Tax reform in early 1992 added an excise tax on selected luxury items and a flat-rate value-added tax ( VAT) on most goods and services, while abolishing the turnover and sales taxes of the communist system. In 1992 tax revenues fell below the expected level, however, because of noncompliance with new tax requirements; a government study showed that 80 percent of businesses underpaid their taxes in 1992.

In early 1993, Georgia remained in the "ruble zone," still using the Russian ruble as the official national currency. Efforts begun in 1991 to establish a separate currency convertible on world markets were frustrated by political and economic instability. Beginning in August 1993, the Central Bank of Russia began withdrawing ruble banknotes; a new unit, designated the coupon, became the official national currency after several months of provisional status. Rubles and United States dollars continued to circulate widely, however, especially in large transactions. After the National Bank of Georgia had been establishing weekly exchange rates for two months, the coupon's exchange rate against the United States dollar inflated from 5,569 to 12,629. In September all salaries were doubled, setting off a new round of inflation. By October the rate had reached 42,000 coupons to the dollar.

Georgia - Industry

In 1990 about 20 percent of Georgia's 1,029 industrial enterprises, including the largest, were directly administered by the central ministries of the Soviet Union. Until 1991 Georgian industry was integrated with the rest of the Soviet economy. About 90 percent of the raw materials used by Georgian light industry came from outside the republic. The Transcaucasian Metallurgical Plant at Rustavi and the Kutaisi Automotive Works, as well as other centers of heavy industry, depended heavily on commercial agreements with the other Soviet republics. The Rustavi plant, for example, could not operate without importing iron ore, most of which it received (and continues to receive) from Azerbaijan. The Kutaisi works depended on other republics for raw materials, machinery, and spare parts. Georgia contributed significantly to Soviet mineral output, particularly of manganese (a component of steel alloy found in the Chiatura and Kutaisi regions in west-central Georgia) and copper.

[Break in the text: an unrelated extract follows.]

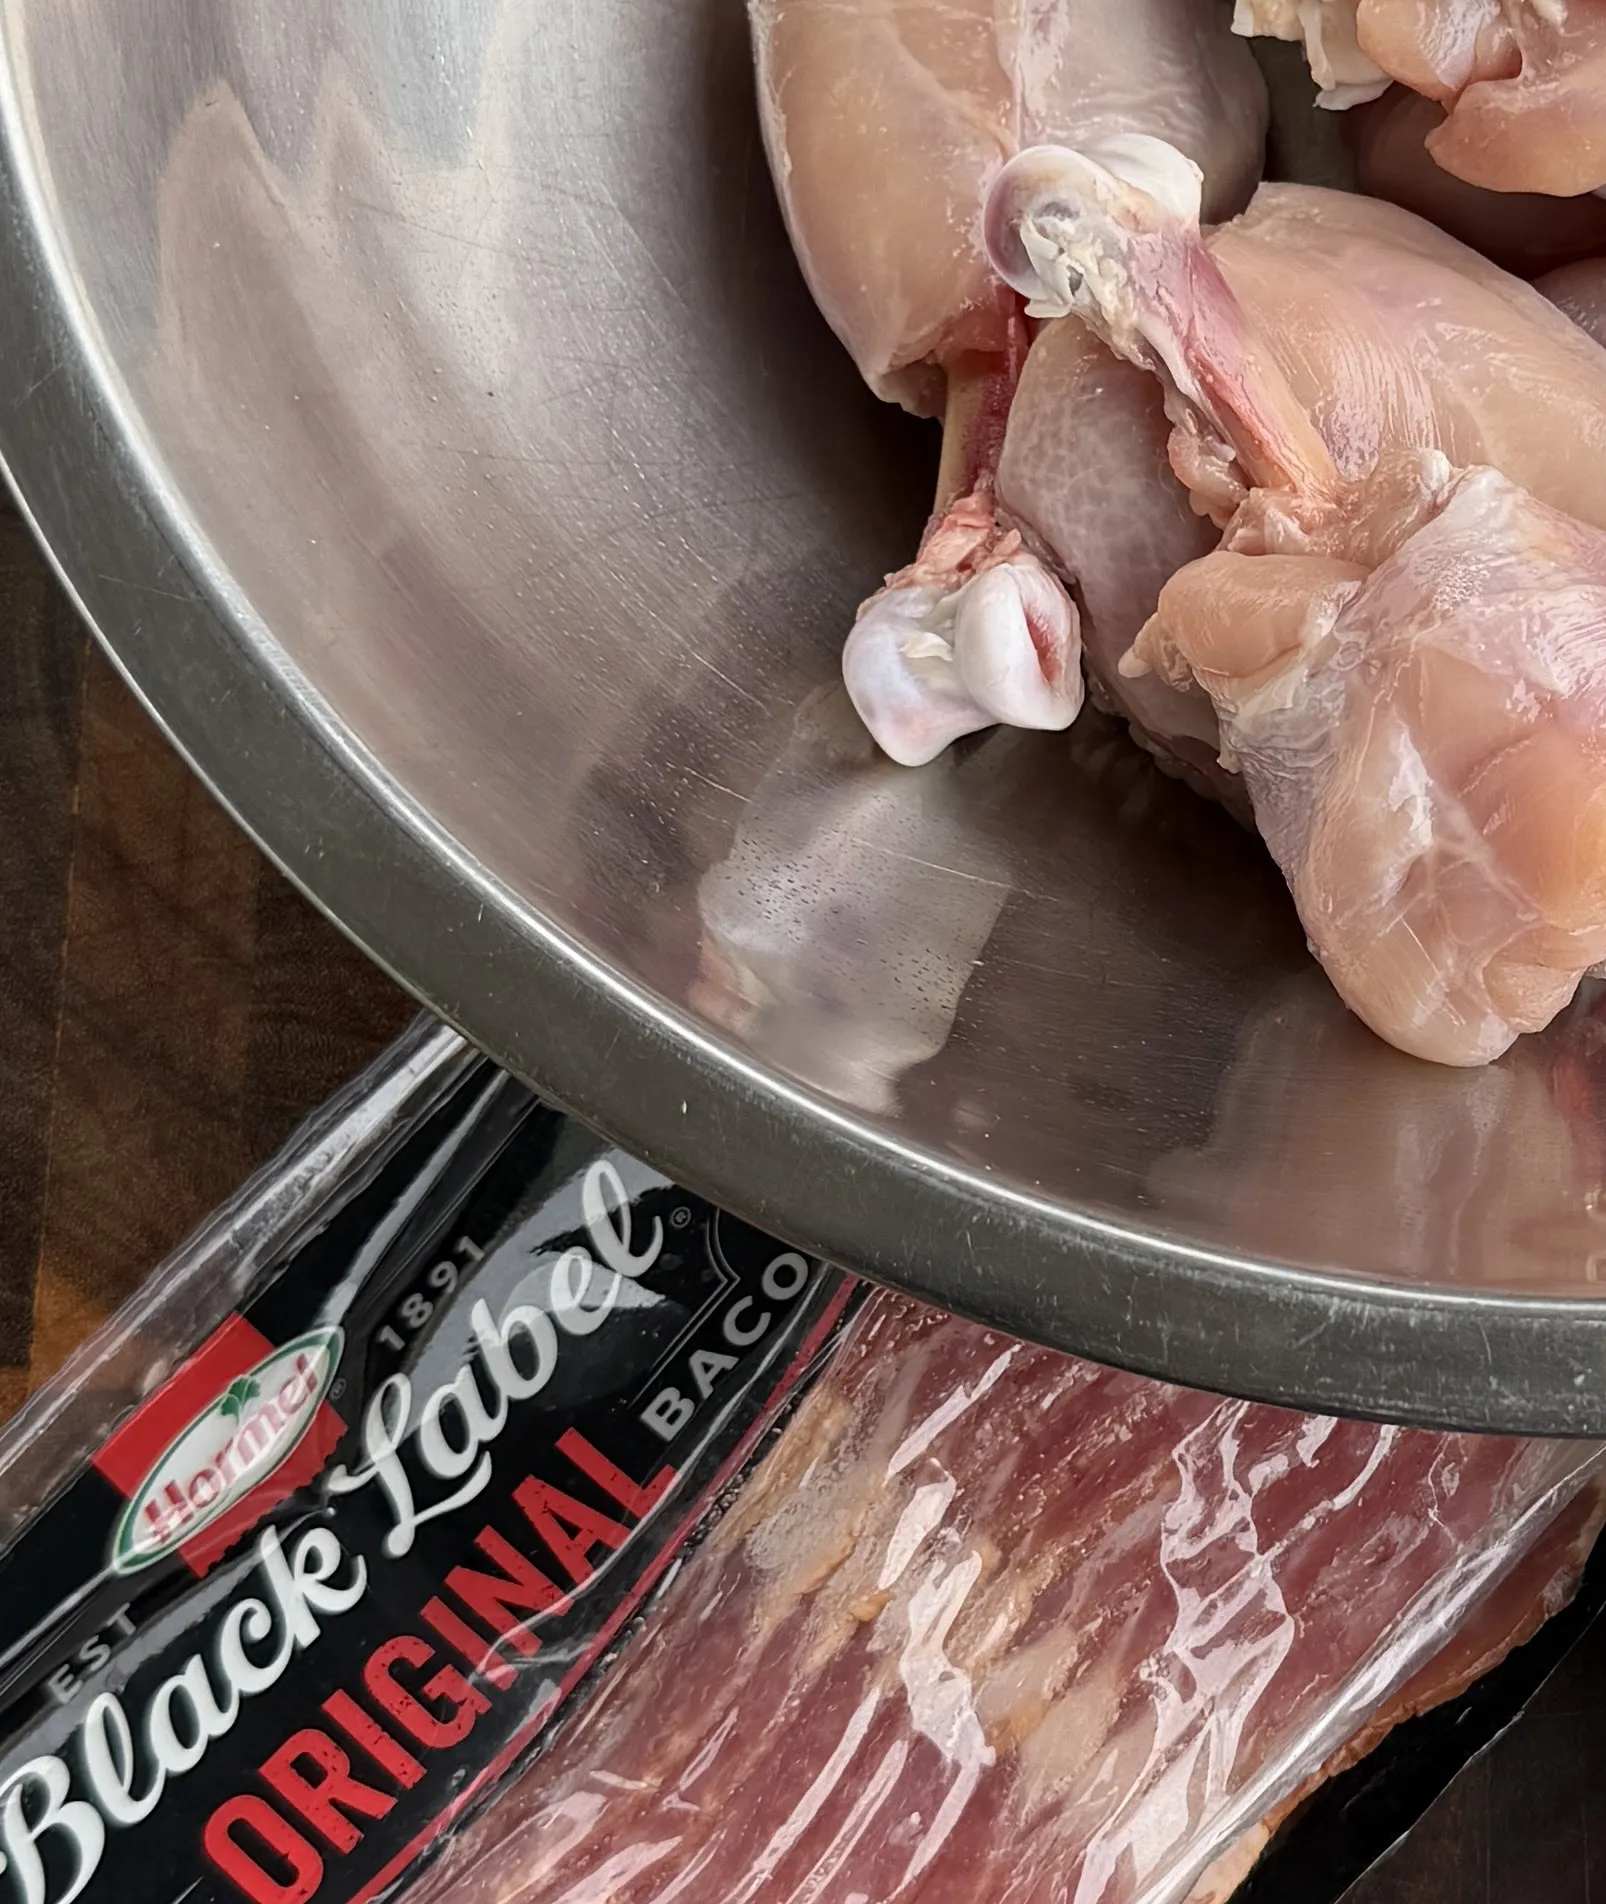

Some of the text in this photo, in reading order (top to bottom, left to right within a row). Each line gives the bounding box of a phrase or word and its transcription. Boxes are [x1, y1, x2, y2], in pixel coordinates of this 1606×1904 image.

In the late 1980s, Georgia's main industrial products were machine tools, prefabricated building structures, cast iron, steel pipe, synthetic ammonia, and silk thread. Georgian refineries also processed gasoline and diesel fuel from imported crude oil. Georgian industry made its largest contributions to the Soviet Union's total industrial production in wool fabric, chemical fibers, rolled ferrous metals, and metal-cutting machine tools.

Georgia - Energy

The lack of significant domestic fuel reserves made the Georgian economy extremely dependent on neighboring republics, especially Russia, to meet its energy needs. Under the fuel supply conditions of 1994, only further exploitation of hydroelectric power could enhance energy self-sufficiency. In 1990 over 95 percent of Georgia's fuel was imported. For that reason, the collapse of the Soviet Union in 1991 caused an energy crisis and stimulated a search for alternative suppliers.

The harsh winter of 1991-92 increased fuel demand at a time when supply was especially limited. Oil imports were reduced by the conflict between Armenia and Azerbaijan, cold weather curtailed domestic hydroelectric production, and the price of fuel and energy imports from other former Soviet republics rose drastically because of Georgia's independent political stance and the new economic realities throughout the former union. Beginning in December 1991, industries received only about one-third of the energy needed for full-scale operation, and most operated far below capacity throughout 1992.

Small amounts of oil were discovered in the Samgori region (southern Georgia) in the 1930s and in eastern Georgia in the 1970s, but no oil exploration has occurred in most of the republic. In 1993 some 96 percent of Georgia's oil came from Azerbaijan and Russia, although new supply agreements had been reached with Iran and Turkey. Oil and gas pipelines connect Georgia with Azerbaijan, Armenia, Russia, and Turkmenistan. Refinery and storage facilities in Batumi receive oil through a long pipeline from Baku in Azerbaijan.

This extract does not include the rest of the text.